Images were acquired using a combined PET/CT device (Biograph mCT; Siemens). The patients fasted for at least 4 h before intravenous injection of 18F-FDG, and acquisition of whole-body PET images started 50 min after the injection. CT data were used for attenuation correction and PET image datasets were reconstructed iteratively. For semi-quantitative analysis of 18F-FDG uptake, regions of interest were manually defined on transaxial tomograms. The SUVmax was calculated as follows: maximum pixel value with the decay-corrected region of interest activity (MBq/kg)/(injected dose [MBq]/body weight [kg]). Two experienced nuclear medicine physicians evaluated the PET images.

Immunohistochemistry

Tumor tissues were fixed in 10% formalin and embedded in paraffin.

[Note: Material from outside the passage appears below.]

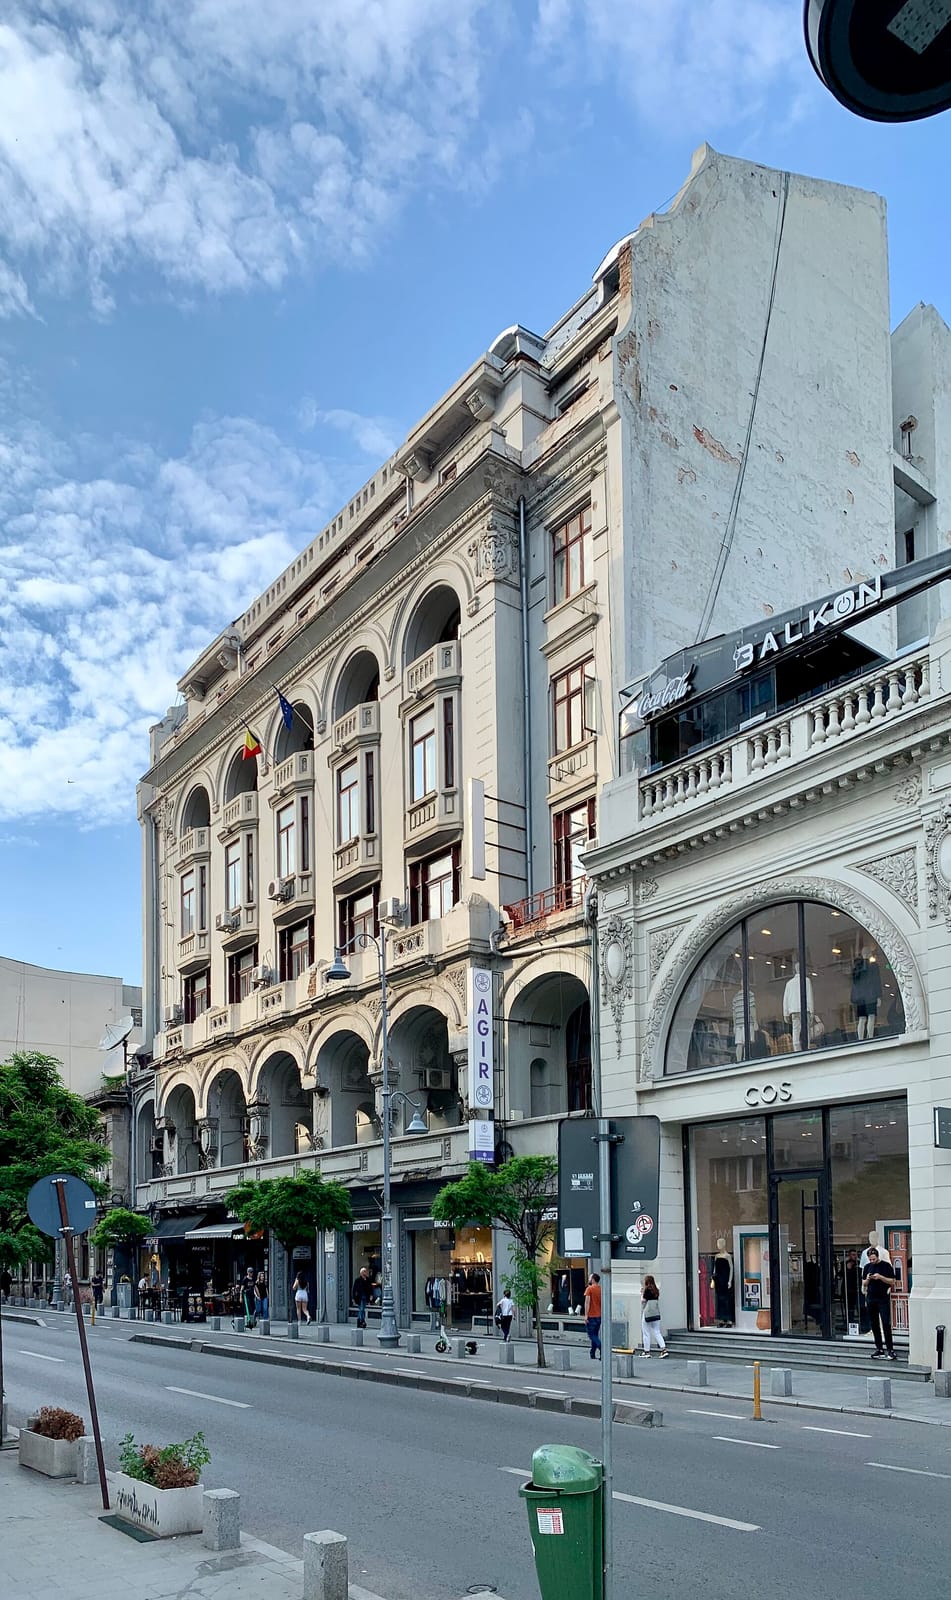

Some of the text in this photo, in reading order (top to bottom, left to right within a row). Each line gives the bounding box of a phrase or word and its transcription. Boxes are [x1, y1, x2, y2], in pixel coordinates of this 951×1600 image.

Formalin-fixed paraffin-embedded sections (5 μm) were stained with antibodies against GLUT1, HK2, and PKM2. All primary antibodies were purchased from Proteintech (Proteintech Group, USA). Two pathologists independently scored the immunohistochemistry results according to intensity and percentage of PKM2-, GLUT1-, or HK2-positive cells.

Statistical analysis

PKM2 expression in tumor compared to matched non-cancerous tissue was analyzed with a parametric test. The association between PKM2 expression and various clinical parameters of lung adenocarcinoma patients was assessed using chi-square tests. Kaplan-Meier analysis was used to evaluate the association between PKM2 expression and lung adenocarcinoma patient outcomes. The relationships between PKM2 expression and GLUT1 or HK2 expression were analyzed using Pearson correlation coefficients. For all tests, the significance level was set at p < 0.05. Statistical analyses were performed using SPSS 13.0 (SPSS Inc., Chicago, IL, USA).